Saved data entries

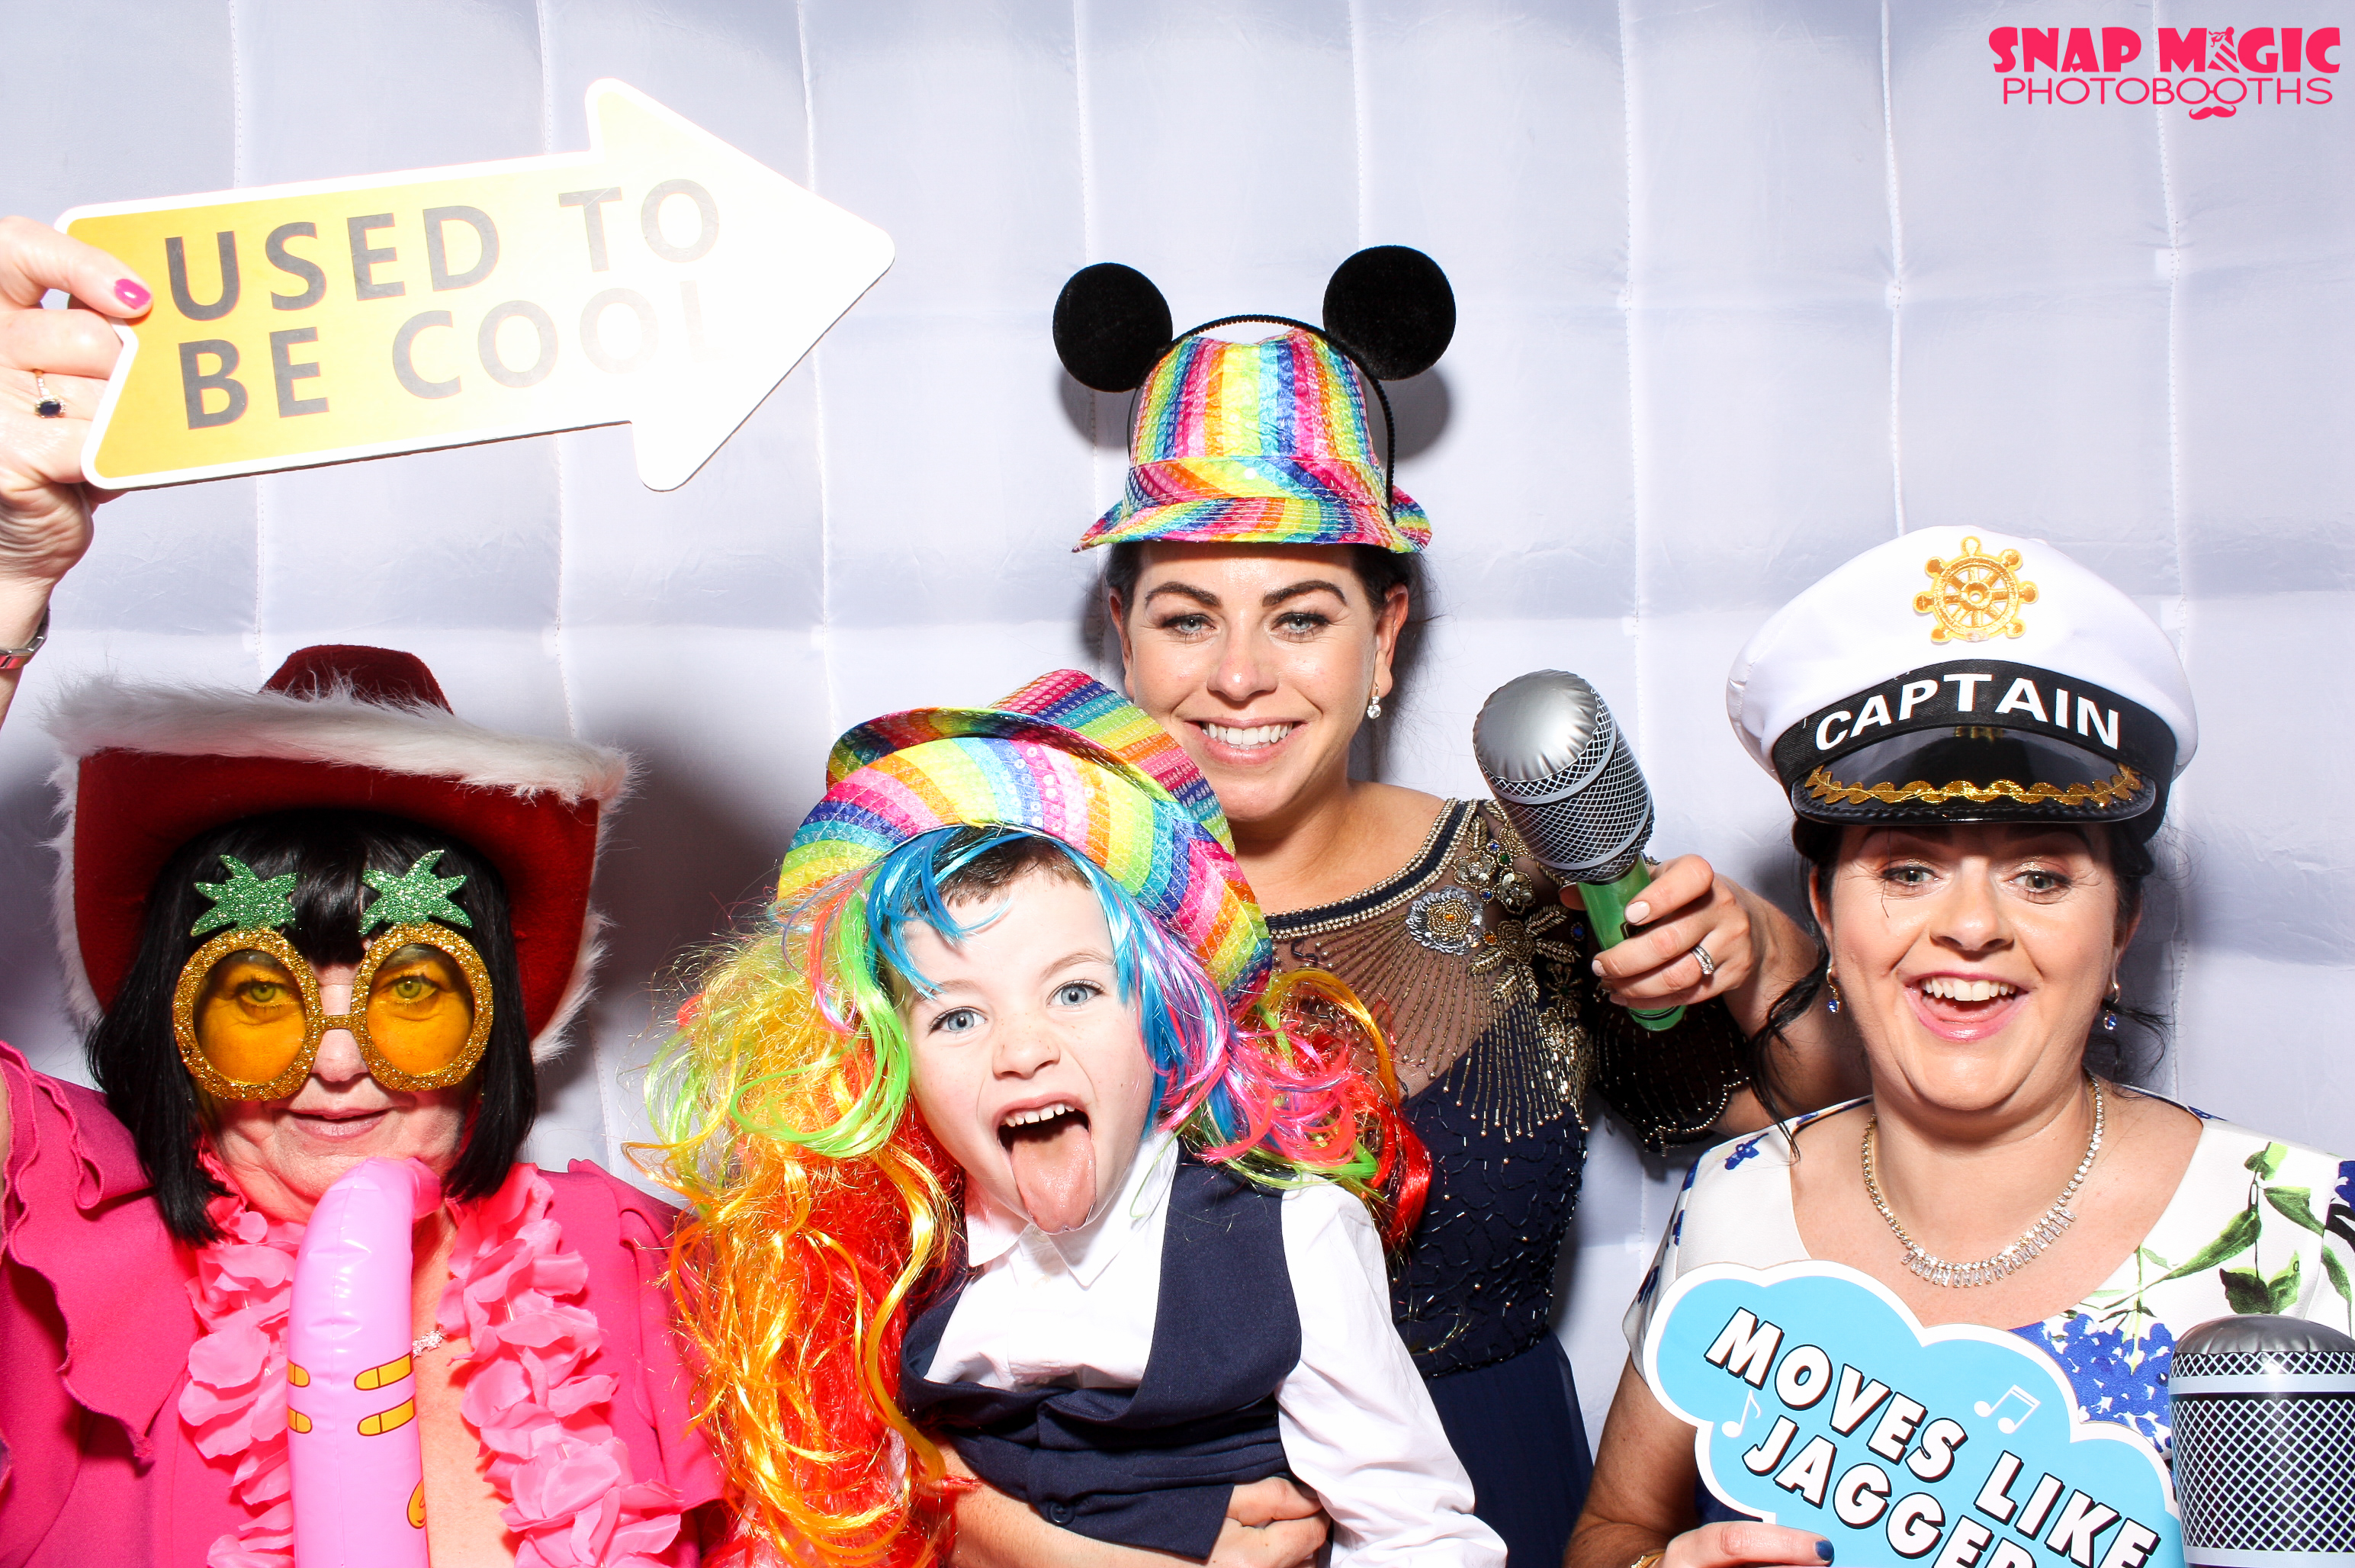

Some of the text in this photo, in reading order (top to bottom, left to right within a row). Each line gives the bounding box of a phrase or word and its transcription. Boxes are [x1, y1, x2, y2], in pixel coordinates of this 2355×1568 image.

[164, 178, 720, 322] USED TO
[178, 280, 734, 430] BE COOL
[1815, 673, 2119, 751] CAPTAIN
[1704, 1306, 2161, 1568] MOVES LIKE

Work item
Reproduce every record verbatim, please. Omit the images.

Solution to the exercise
Some of the text in this photo, in reading order (top to bottom, left to right within a row). Each line gives the bounding box of a phrase or word and its transcription. Boxes are [x1, y1, x2, y2], in pixel coordinates of this 2355×1568 image.

[164, 178, 720, 322] USED TO
[178, 280, 734, 430] BE COOL
[1815, 673, 2119, 751] CAPTAIN
[1704, 1306, 2161, 1568] MOVES LIKE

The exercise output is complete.